- TASK BRIEF -
When you copy the entries, omit the images and keep every word as it is.

- SOURCE MATERIAL -

=== Section Start ===

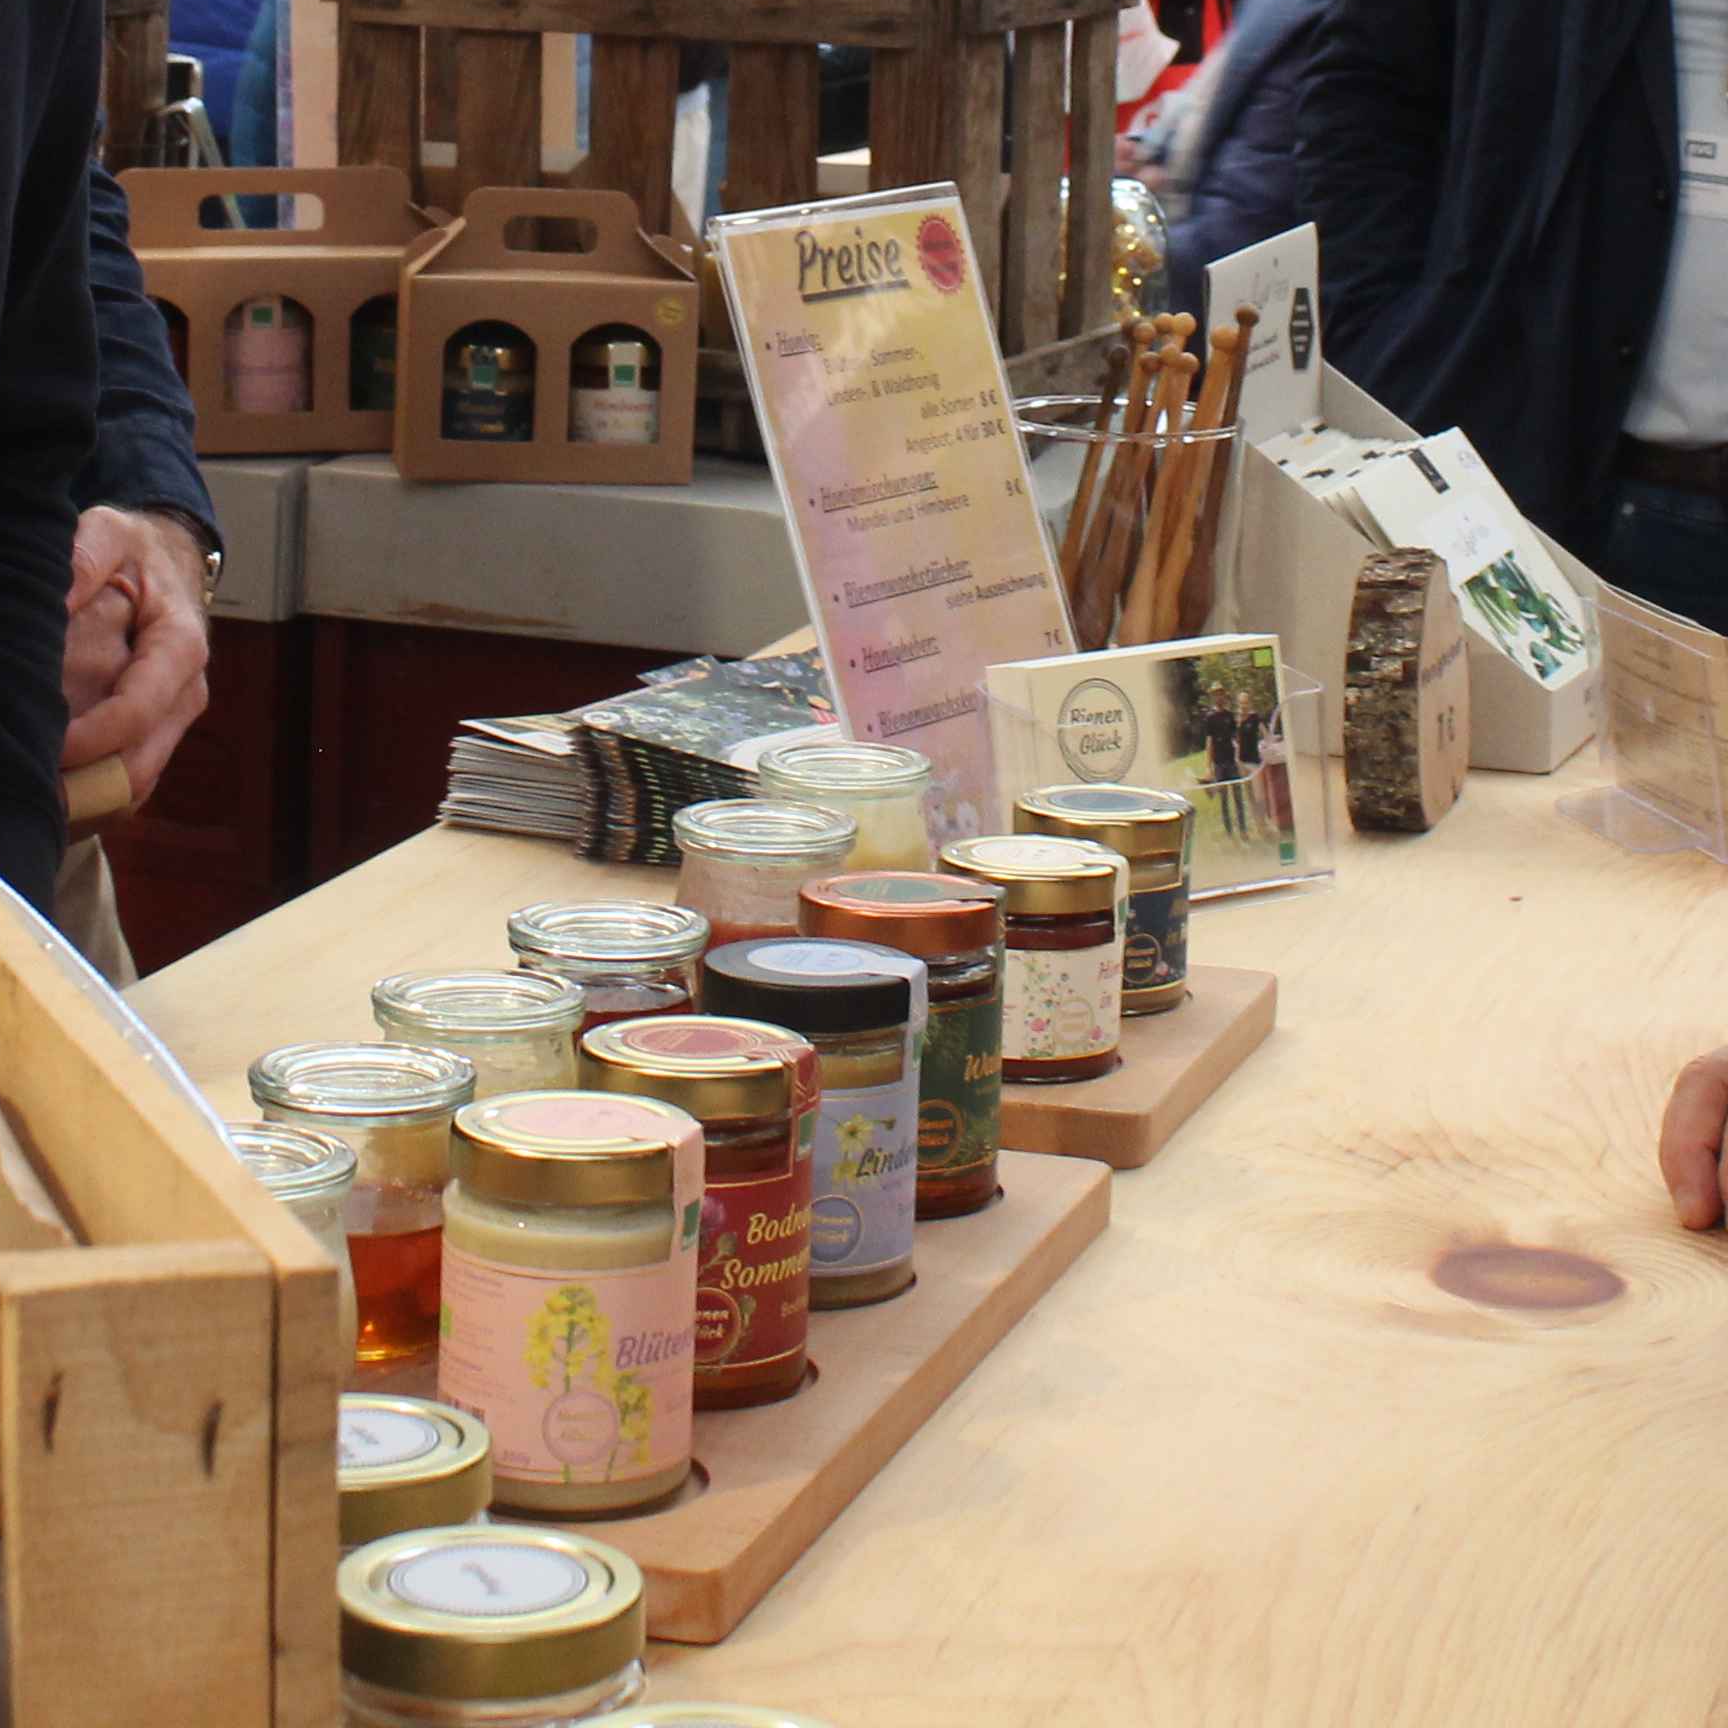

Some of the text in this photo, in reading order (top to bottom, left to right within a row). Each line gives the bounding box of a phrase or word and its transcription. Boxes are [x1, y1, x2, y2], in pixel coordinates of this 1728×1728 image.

[794, 225, 906, 293] Preise
[890, 506, 915, 525] und
[1070, 708, 1124, 725] Bienen
[1080, 728, 1123, 755] Glück
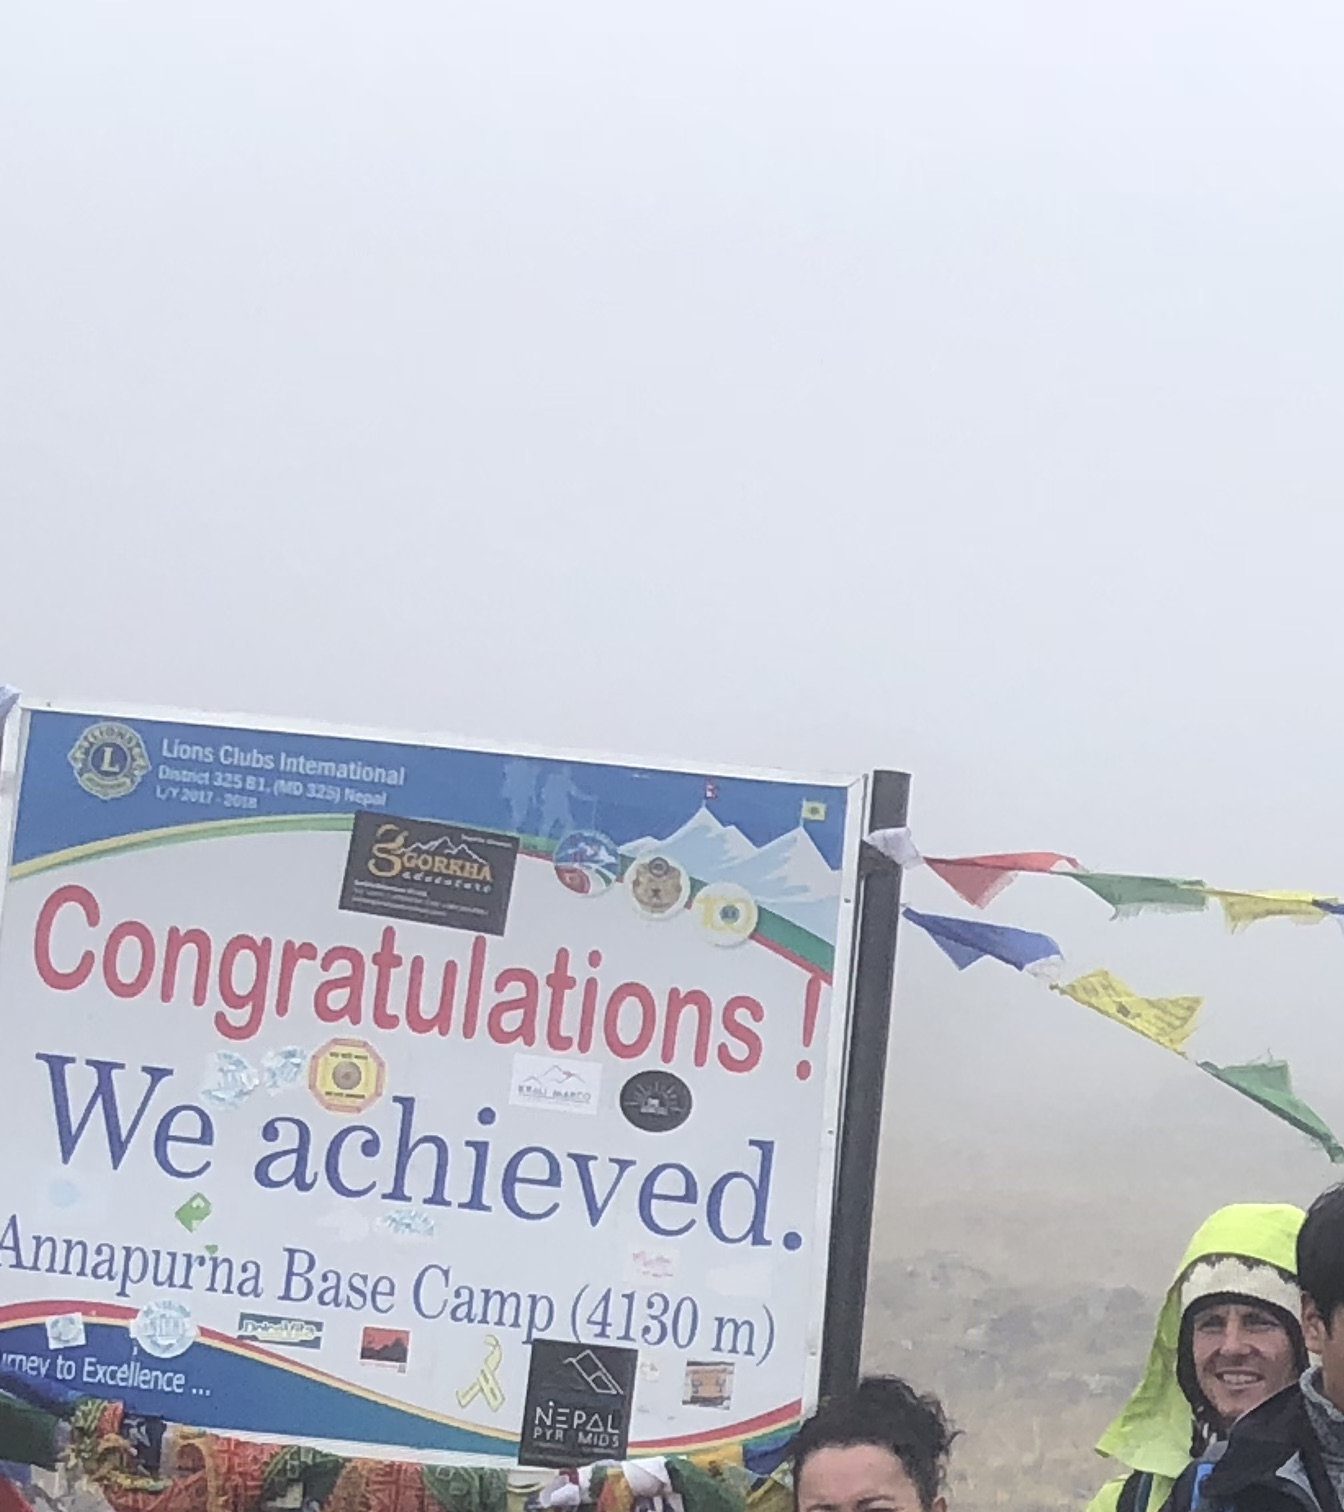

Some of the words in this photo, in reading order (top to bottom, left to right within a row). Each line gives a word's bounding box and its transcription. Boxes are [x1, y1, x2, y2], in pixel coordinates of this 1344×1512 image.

[162, 738, 215, 763] Lions
[219, 745, 275, 770] Clubs
[280, 751, 405, 786] International
[158, 765, 210, 785] District
[344, 787, 387, 807] Nepal
[402, 852, 492, 882] GORKHA
[34, 884, 764, 1073] Congratulations
[35, 1053, 214, 1178] We
[254, 1096, 802, 1251] achieved.
[0, 1214, 263, 1298] Annapurna
[278, 1246, 396, 1313] Base
[413, 1264, 554, 1344] Camp
[571, 1284, 699, 1348] (4130
[712, 1305, 775, 1366] m)
[56, 1354, 76, 1380] to
[83, 1357, 186, 1393] Excellence
[534, 1406, 620, 1434] NEPAL
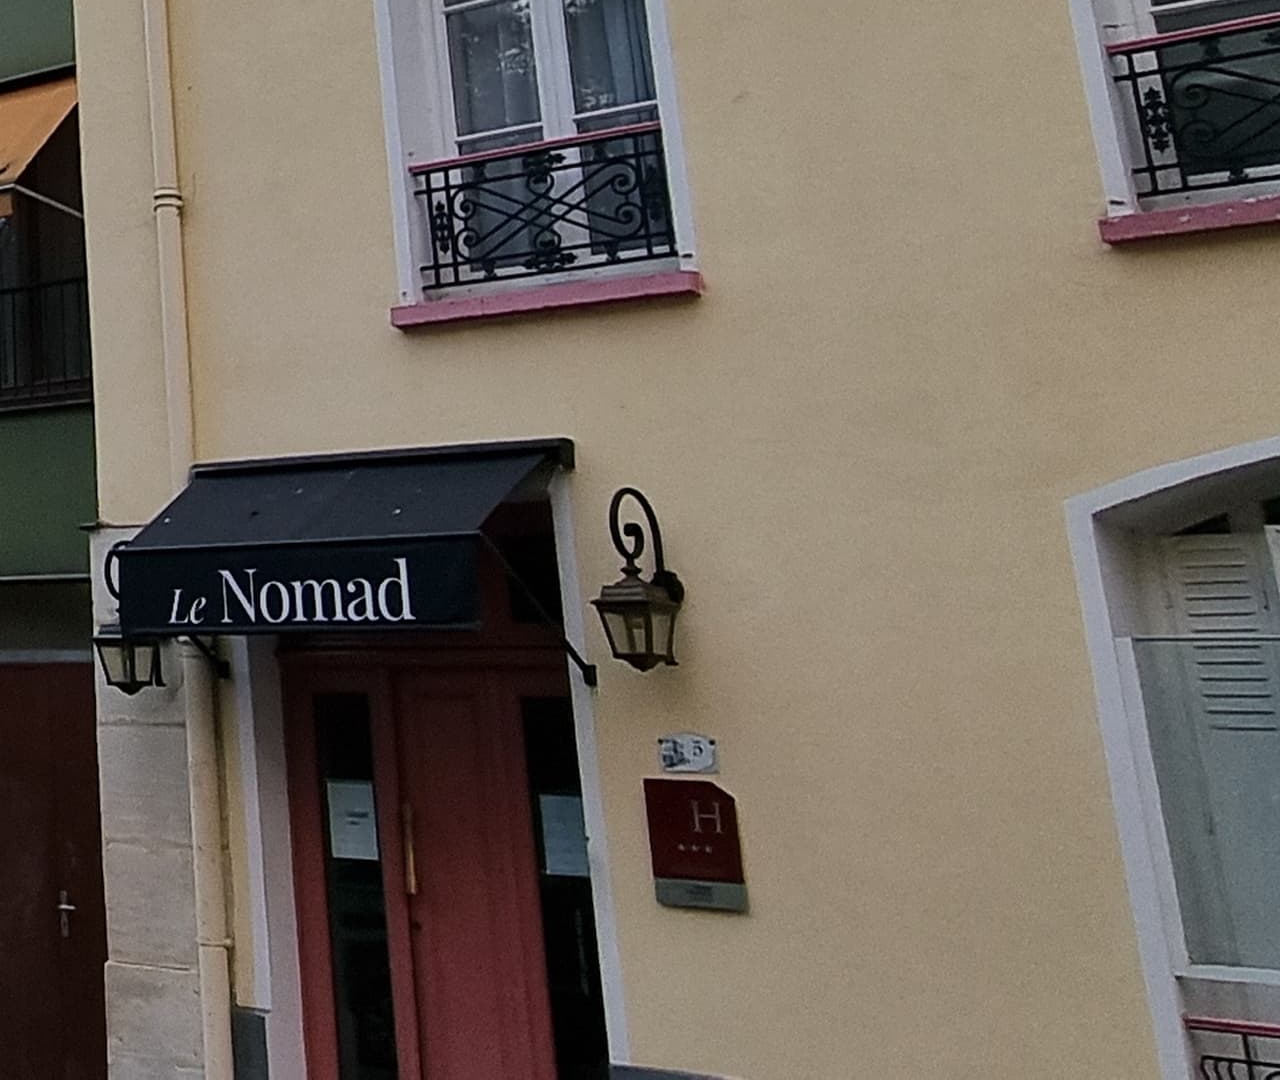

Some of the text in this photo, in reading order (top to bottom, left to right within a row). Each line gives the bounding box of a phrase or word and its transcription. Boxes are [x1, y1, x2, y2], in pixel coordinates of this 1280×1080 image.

[169, 558, 416, 624] Le Nomad
[690, 800, 722, 833] H
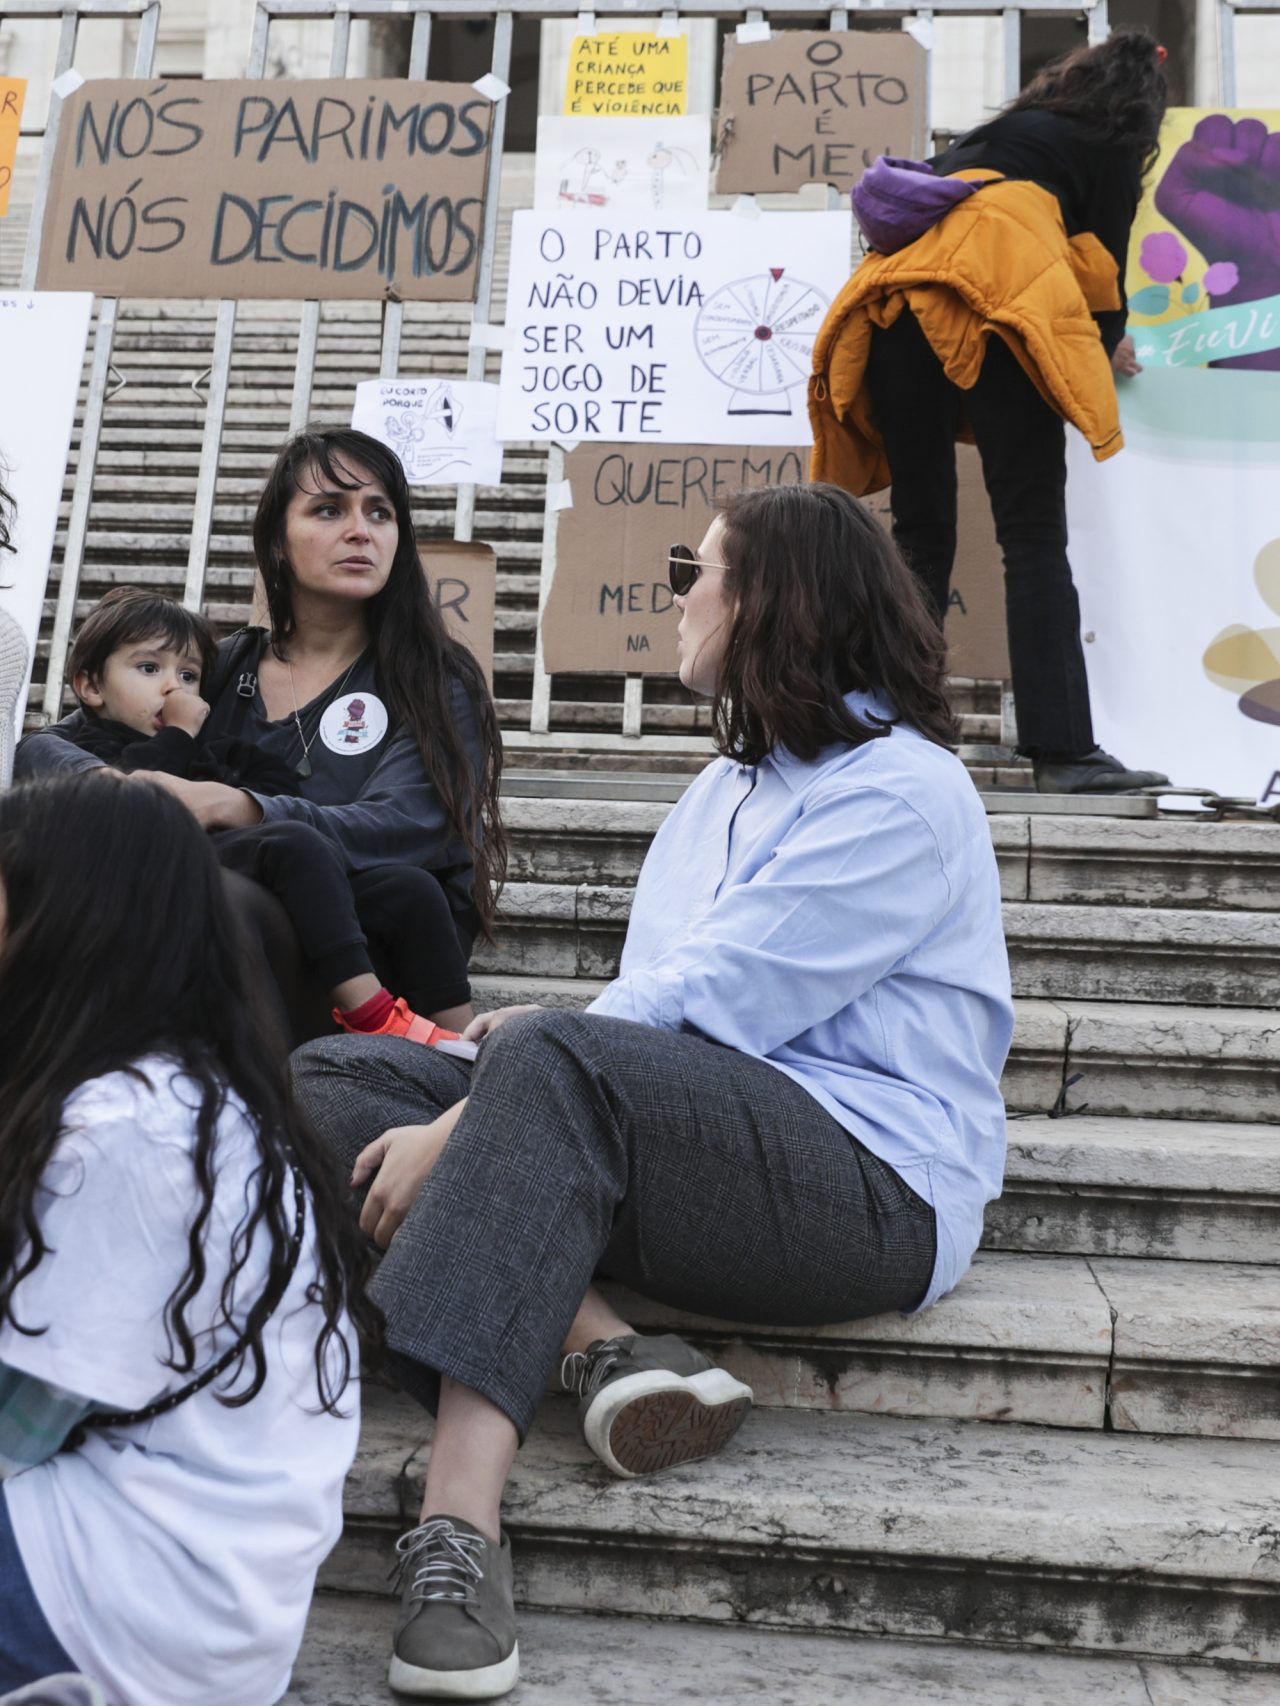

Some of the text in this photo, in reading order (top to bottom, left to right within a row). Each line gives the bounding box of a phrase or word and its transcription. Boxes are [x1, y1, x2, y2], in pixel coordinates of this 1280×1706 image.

[578, 36, 670, 56] ATÉ UMA
[806, 40, 843, 66] O
[576, 61, 646, 79] CRIANÇA
[574, 80, 683, 95] PERCEBE QUE
[746, 70, 909, 108] PARTO
[571, 97, 682, 115] É VIOLÊNCIA
[75, 84, 205, 168] NÓS
[816, 108, 837, 135] É
[65, 178, 190, 263] NÓS
[540, 228, 702, 262] O PARTO
[528, 273, 597, 309] NÃO
[618, 275, 704, 307] DEVIA
[523, 324, 654, 353] SER UM
[522, 363, 667, 393] JOGO DE
[531, 400, 663, 434] SORTE
[599, 582, 676, 615] MED

=== Section End ===

- RESULT -
Some of the text in this photo, in reading order (top to bottom, left to right within a row). Each line gives the bounding box of a phrase or word and its transcription. Boxes are [x1, y1, x2, y2], in pixel coordinates of this 1728×1728 image.

[794, 225, 906, 293] Preise
[890, 506, 915, 525] und
[1070, 708, 1124, 725] Bienen
[1080, 728, 1123, 755] Glück

Some of the words in this photo, in reading order (top to bottom, left to right within a row). Each line gives a word's bounding box and its transcription. Boxes are [x1, y1, x2, y2], in pixel coordinates of this 1344×1512 image.

[162, 738, 215, 763] Lions
[219, 745, 275, 770] Clubs
[280, 751, 405, 786] International
[158, 765, 210, 785] District
[344, 787, 387, 807] Nepal
[402, 852, 492, 882] GORKHA
[34, 884, 764, 1073] Congratulations
[35, 1053, 214, 1178] We
[254, 1096, 802, 1251] achieved.
[0, 1214, 263, 1298] Annapurna
[278, 1246, 396, 1313] Base
[413, 1264, 554, 1344] Camp
[571, 1284, 699, 1348] (4130
[712, 1305, 775, 1366] m)
[56, 1354, 76, 1380] to
[83, 1357, 186, 1393] Excellence
[534, 1406, 620, 1434] NEPAL

Some of the text in this photo, in reading order (top to bottom, left to right within a row). Each line gives the bounding box of a phrase or word and its transcription. Boxes are [x1, y1, x2, y2], in pixel coordinates of this 1280×1080 image.

[169, 558, 416, 624] Le Nomad
[690, 800, 722, 833] H

Some of the text in this photo, in reading order (top to bottom, left to right within a row). Each line gives the bounding box of a phrase or word and its transcription. Boxes are [x1, y1, x2, y2], in pixel coordinates of this 1280×1706 image.

[578, 36, 670, 56] ATÉ UMA
[806, 40, 843, 66] O
[576, 61, 646, 79] CRIANÇA
[574, 80, 683, 95] PERCEBE QUE
[746, 70, 909, 108] PARTO
[571, 97, 682, 115] É VIOLÊNCIA
[75, 84, 205, 168] NÓS
[816, 108, 837, 135] É
[65, 178, 190, 263] NÓS
[540, 228, 702, 262] O PARTO
[528, 273, 597, 309] NÃO
[618, 275, 704, 307] DEVIA
[523, 324, 654, 353] SER UM
[522, 363, 667, 393] JOGO DE
[531, 400, 663, 434] SORTE
[599, 582, 676, 615] MED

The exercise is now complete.